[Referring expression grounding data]
= Beginning of Section =

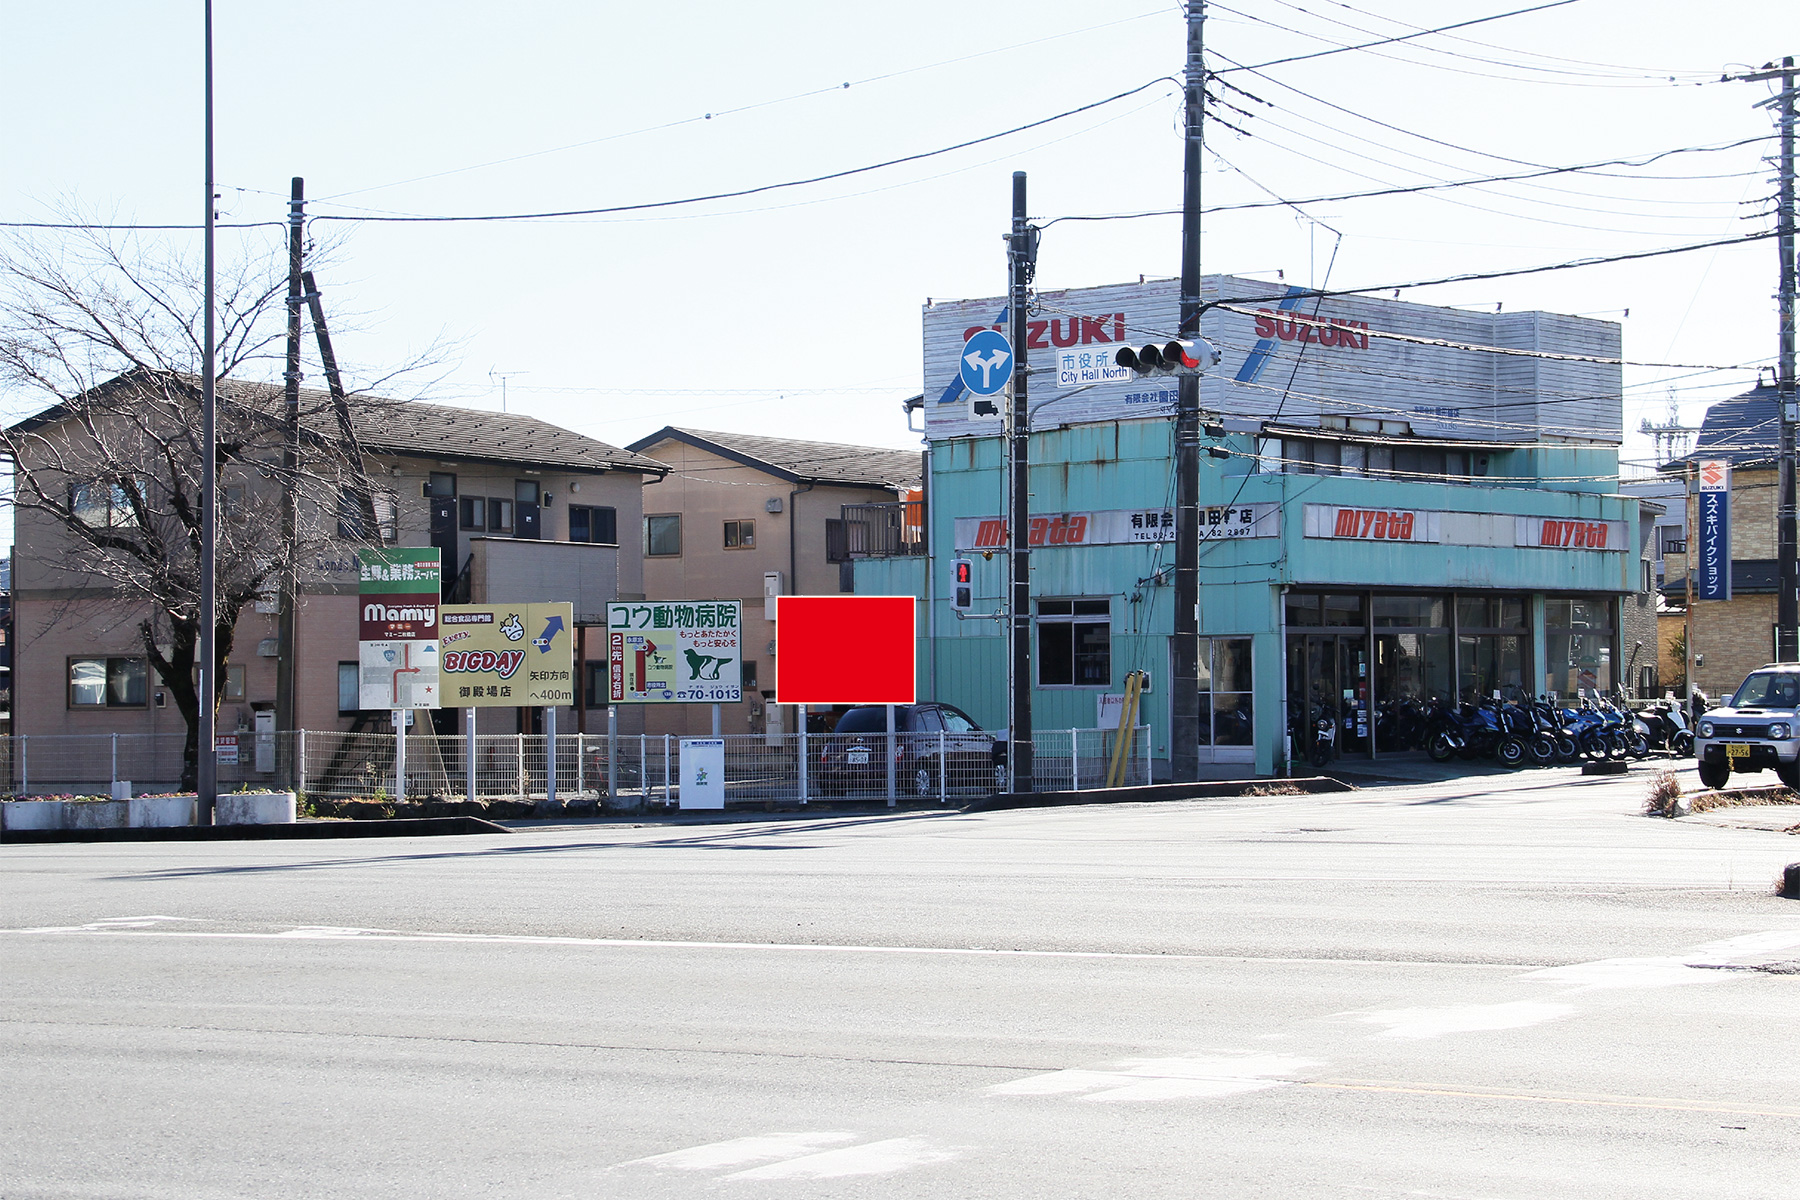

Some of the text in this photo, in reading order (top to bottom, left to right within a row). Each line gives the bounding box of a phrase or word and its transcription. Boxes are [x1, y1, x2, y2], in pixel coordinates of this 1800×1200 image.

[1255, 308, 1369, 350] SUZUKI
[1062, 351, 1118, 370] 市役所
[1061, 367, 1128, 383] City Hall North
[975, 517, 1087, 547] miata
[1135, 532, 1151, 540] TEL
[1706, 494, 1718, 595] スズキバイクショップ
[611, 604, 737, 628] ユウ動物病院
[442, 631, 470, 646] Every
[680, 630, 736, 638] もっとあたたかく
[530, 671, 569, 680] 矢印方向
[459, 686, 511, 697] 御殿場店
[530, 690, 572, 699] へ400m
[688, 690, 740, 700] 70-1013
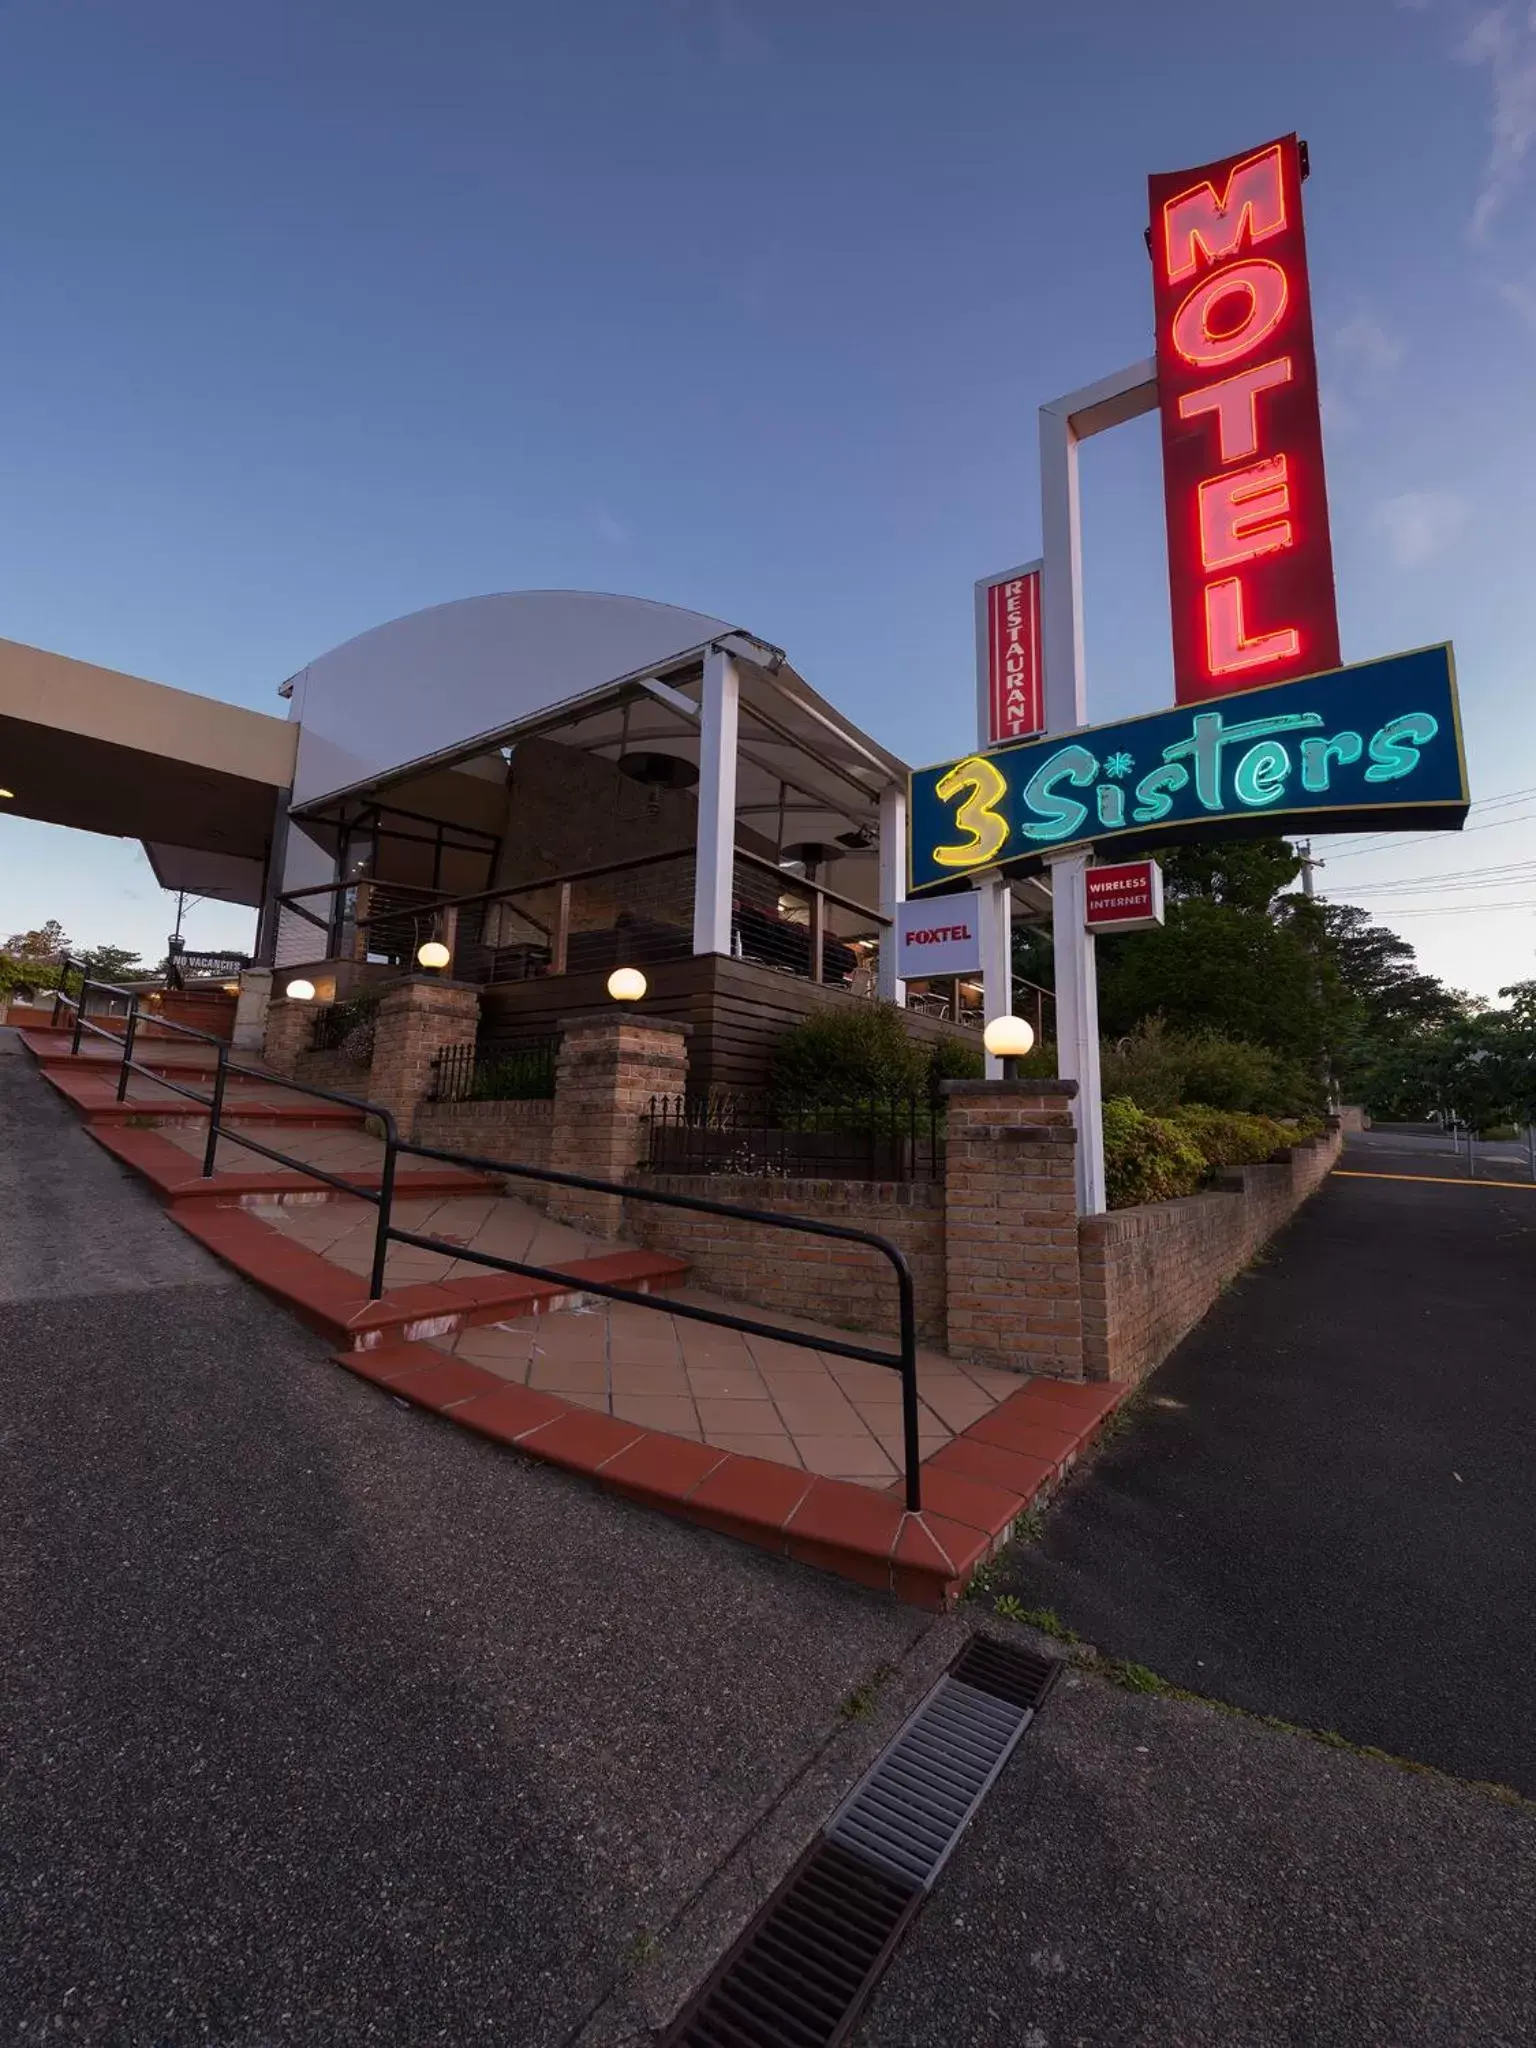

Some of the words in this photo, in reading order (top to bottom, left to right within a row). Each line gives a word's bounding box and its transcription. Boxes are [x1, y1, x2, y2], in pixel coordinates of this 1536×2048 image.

= End of Section =

WHAT THE TASK REQUIRES: Reproduce the data above line for line, excluding every picture.

ANSWER SECTION:
Some of the text in this photo, in reading order (top to bottom, left to right within a row). Each line gives the bounding box of a phrase or word and its transcription. Boxes are [x1, y1, x2, y2], in pixel coordinates of this 1800×1200 image.

[1255, 308, 1369, 350] SUZUKI
[1062, 351, 1118, 370] 市役所
[1061, 367, 1128, 383] City Hall North
[975, 517, 1087, 547] miata
[1135, 532, 1151, 540] TEL
[1706, 494, 1718, 595] スズキバイクショップ
[611, 604, 737, 628] ユウ動物病院
[442, 631, 470, 646] Every
[680, 630, 736, 638] もっとあたたかく
[530, 671, 569, 680] 矢印方向
[459, 686, 511, 697] 御殿場店
[530, 690, 572, 699] へ400m
[688, 690, 740, 700] 70-1013

Some of the words in this photo, in reading order (top to bottom, left to right within a row). Each line gives a word's bounding box and its transcription. Boxes are [x1, y1, x2, y2], in pixel coordinates of this 1536×2048 image.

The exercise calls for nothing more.